Нет, все-таки, маршрутка. Правильней – маршрутка.
И вот, я несусь, налегке, в отличие от разномастного содержимого машины. Тут и пенсионеры, насилу вбившие чемоданы меж своими коленями и пассажирскими местами впереди, как вылезать будут, да и кто им помогать вознамерится, я и не предполагал; и молодняк, например, муж с женою возраста лет двадцати пяти, уже не так изящно, но вполне достаточно для наличия у девушки-женщины громадного живота; и подростки, двое из той самой троицы, показавшейся мне хулиганьем, но сейчас сидели смирно; и все такое, даже молодая девушка с собакою в переносной сумке, на коленях у нее поместилась и, периодически, толкалась: «выпусти!». Потерпи, потерпи…
Я сидел в левом ряду, разглядывал пейзаж за окном. Пока была Вологда и ее непосредственные окраины километрах в двух, было хорошо. Между тем, вторя пейзажу, сидевшие предо мной затылки пенсионерки и ее, возрастом младше меня, внука, обсуждали:
– Ах, красиво-то как! – удивительно жизнеспособным голосом, не кряхтя, ни намеренно – ни в силу возраста, говорила бабка.
– Да, и вправду, – тихо соглашался внук её.
– Ты глянь! Отремонтировали-то церковь!
– Отреставрировали, – являя в жизнь набитый школой ум, поправил бабушку внук.
Но она и не оглянулась, все любовалась.
Потом же хлынули иные картинки.
Разрушенная ферма, торчавшая посреди заросшего поля остовом танка – впрочем, и она погибла в войну, что уж тут; несколько бетонных скелетов совсем уж неузнаваемых зданий; так и не использованные никем срубы, рассыпанные игральными костями, штук семь, один – вовсе сгнил, еще на одном белой краской написали пожелания мировому сообществу, на другом – сообществу исключительно нашему, мне, хоть и столичному человеку, обидно не было; и один скосился набок; халтура, вот первым же ураганом и наклонило дурака. На холмах, поодаль, высилась примерно такая же картина: скелеты деревянные, бетонные, один даже кирпичный – неужто кузня? – великовата, вроде – хотя, видел ли я хоть раз, своими-то глазами, кузню, настоящую, деревенскую?

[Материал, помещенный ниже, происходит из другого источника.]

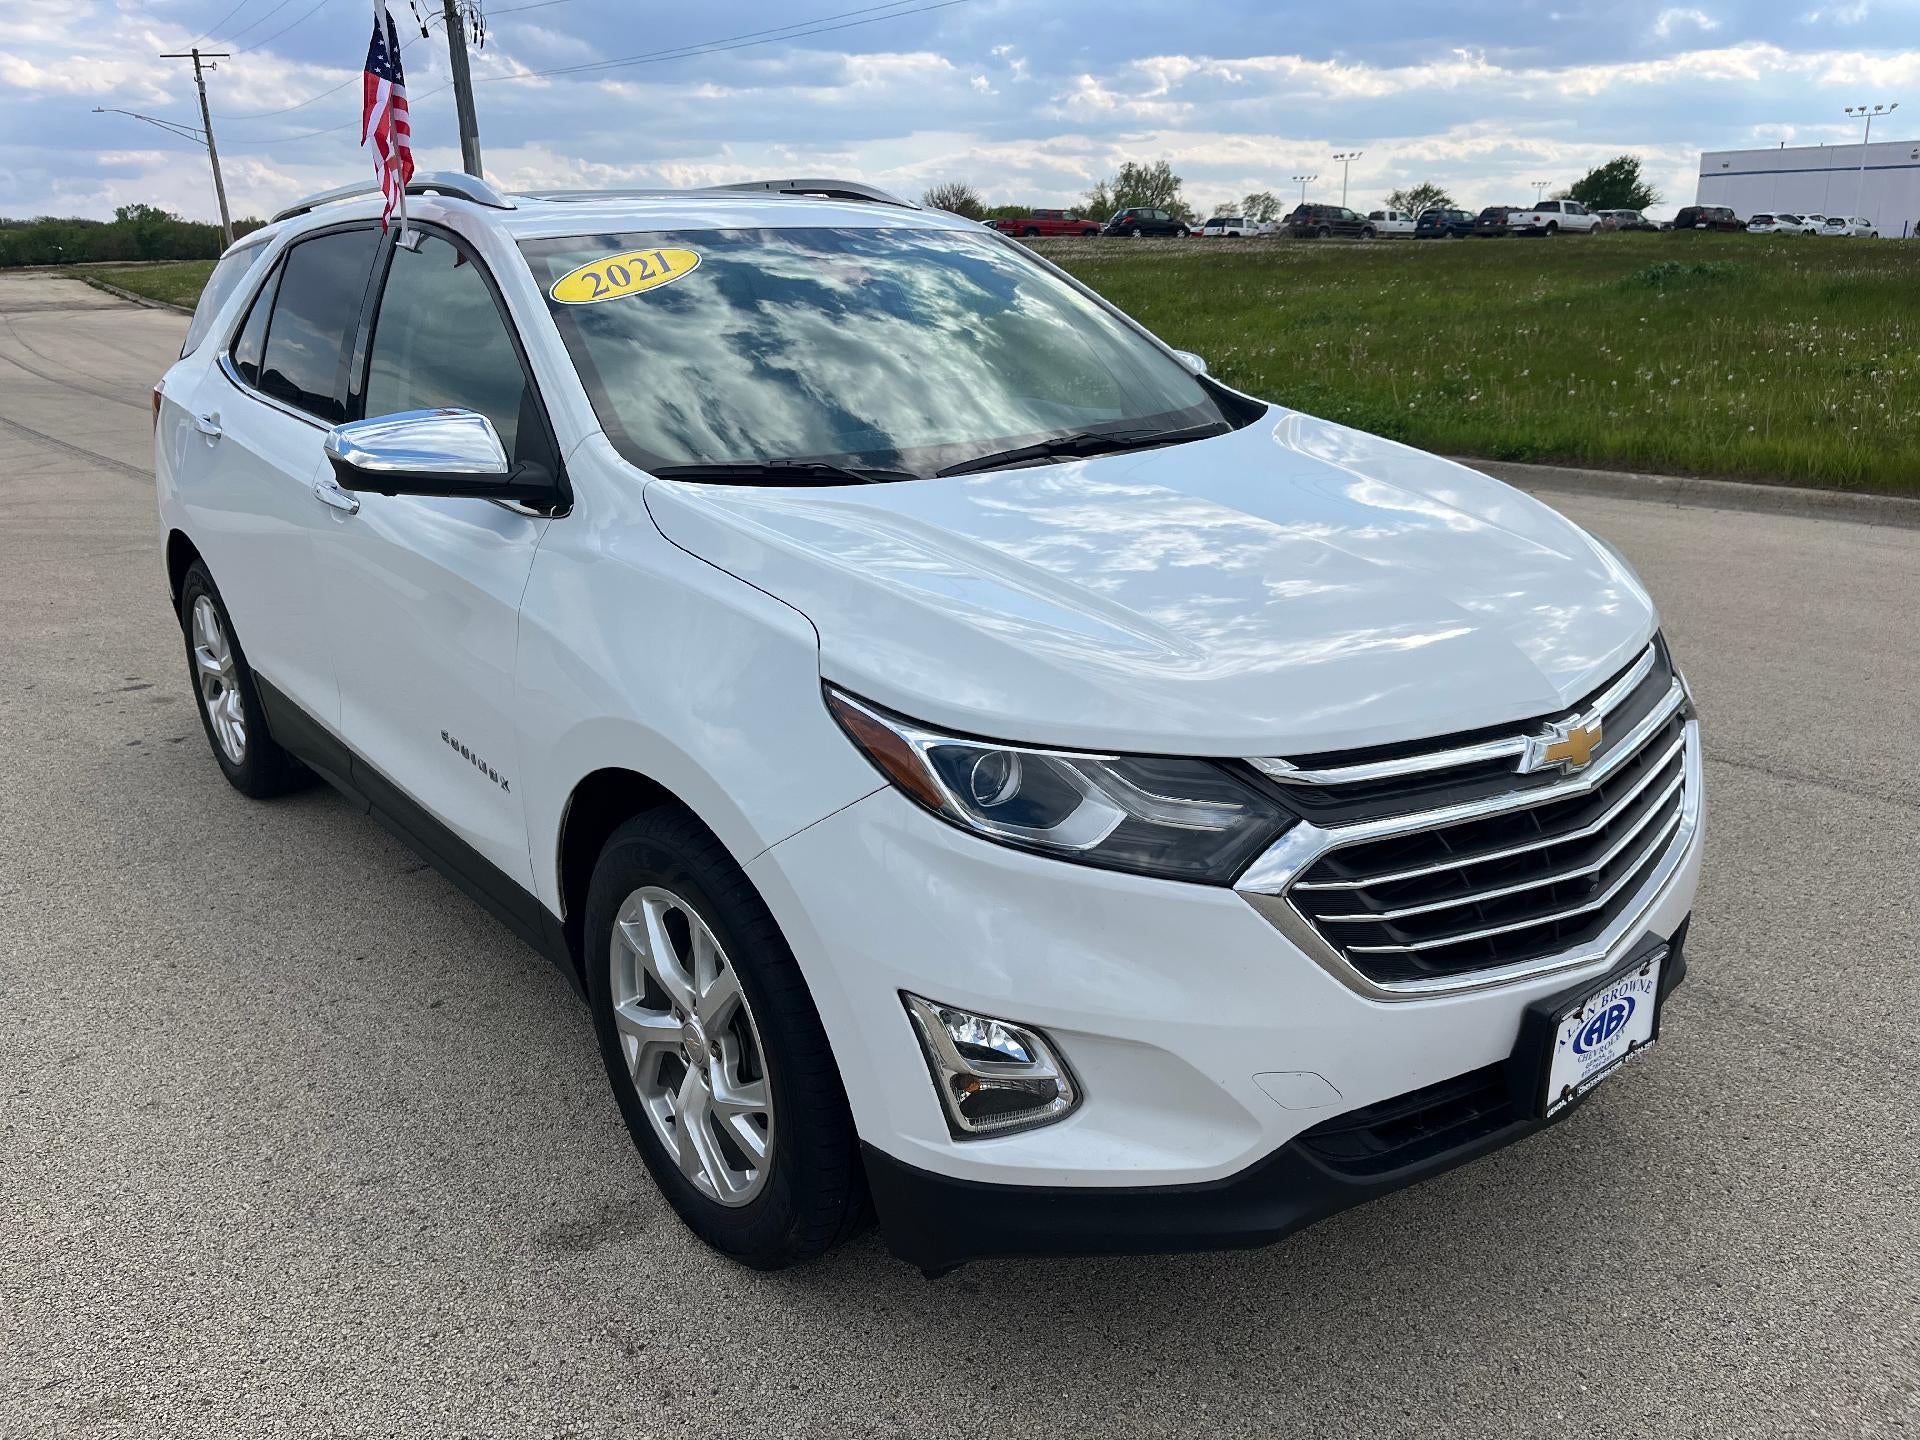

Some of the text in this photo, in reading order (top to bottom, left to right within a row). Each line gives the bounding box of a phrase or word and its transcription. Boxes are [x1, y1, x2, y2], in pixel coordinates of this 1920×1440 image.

[581, 251, 677, 298] 2021
[1601, 979, 1653, 1008] BROWNE
[1583, 1003, 1626, 1047] AB
[1577, 1028, 1625, 1063] CHEVROLET
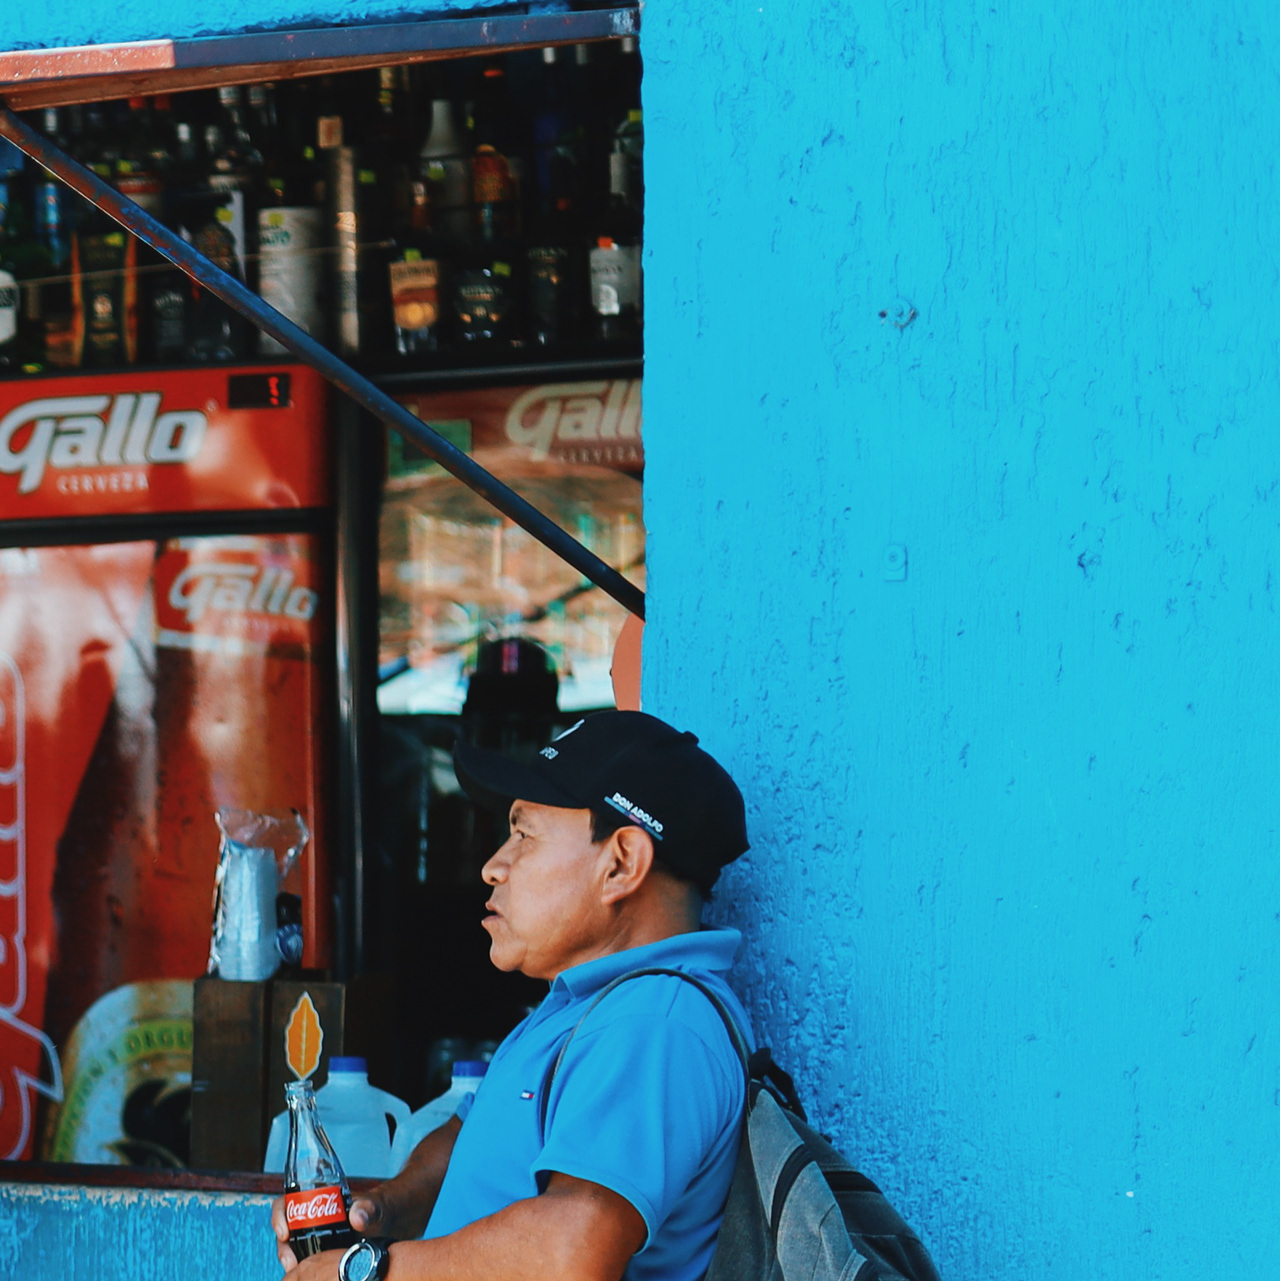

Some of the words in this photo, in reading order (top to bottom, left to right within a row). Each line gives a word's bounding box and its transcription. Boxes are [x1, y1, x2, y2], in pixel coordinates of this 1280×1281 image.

А из затылков как раз неслось:
– Представляешь, Ген, а тут, в этом-то лесу… да, именно в нем – дядю моего расстреляли. Твоего, получается… считай – прадеда, – словно б завороженно проговорила бабка; вот тут уже начала покряхтывать, чуть-чуть, но это – пока что.
– А за что? Или это в массовые? – спросил, вновь подключая к беседе набитый школой ум, внук ее, чуть затухая голосом; вдруг в автобусе затаился вневременный чекист? а последнее слово и вовсе вывел полным таинственности голосом.
– В мас… совые, в массовые, – со второго раза научившись выговаривать это слово, усиленно закивала головой пенсионерка.
До этого – не знала!…
Я от истории всегда далёк был, но что-то копошилось в темноте души, не просветом истины какой, конечно, но все ж, всё ещё – темноты светлей, стократ, ярко вспыхивало посреди нее, и стремительно затухало, но вновь – спичка загоралась.
В ночи забытья имен часто играло с колонок что-то чрезвычайно модное в наших кругах; порой, мода была пропорциональна неуместности, слишком серьезны текст да звук, слишком явный контраст наших не понимающих ни то, ни другое, лиц, но все так же дружелюбных друг к другу – вытесняя дружелюбием всякий текст да звук чужого имени, имени, имени…
И одной из песенок да пронеслось, помню, что-то – «гордая свеча погасла, новой так и не зажглось» – и утомило меня необходимостью подумать – сейчас; встрепенулся, сбросил, стряхнул, перхотью, давившей голову шапкой снега.
Время сливалось воедино, и видны мне были здесь, на подножиях Вологды ещё, пейзажи Медвежьегорска; о, да – там все куда контрастнее, там какая только строка из даже школьной программы не вспыхнет, напоминая о том, что должна бы вспыхнуть свеча, и вроде бы даже воска предостаточно, и все готово, но до сих пор не пылает, только зажигалки подносят, да на ветру морском гаснет пламечко.
Время сливалось воедино, и еще не расстрелянный дядя говорящего старого затылка шагал к лесу, предположим, вели его несколько чекистов, тыча мордою в пахнущую соснами жизнь, удивительно теперь похожую на смерть, его, наивно пытавшегося замедлить шаг, ослабить ее колючую хватку; оглядывал поля и холмы, надеясь предсмертно зацепиться душой за что-то, своими же руками построенное – и вдруг видел будущее – лет пятьдесят спустя? – скелеты, скелеты дерева, бетона и кирпича.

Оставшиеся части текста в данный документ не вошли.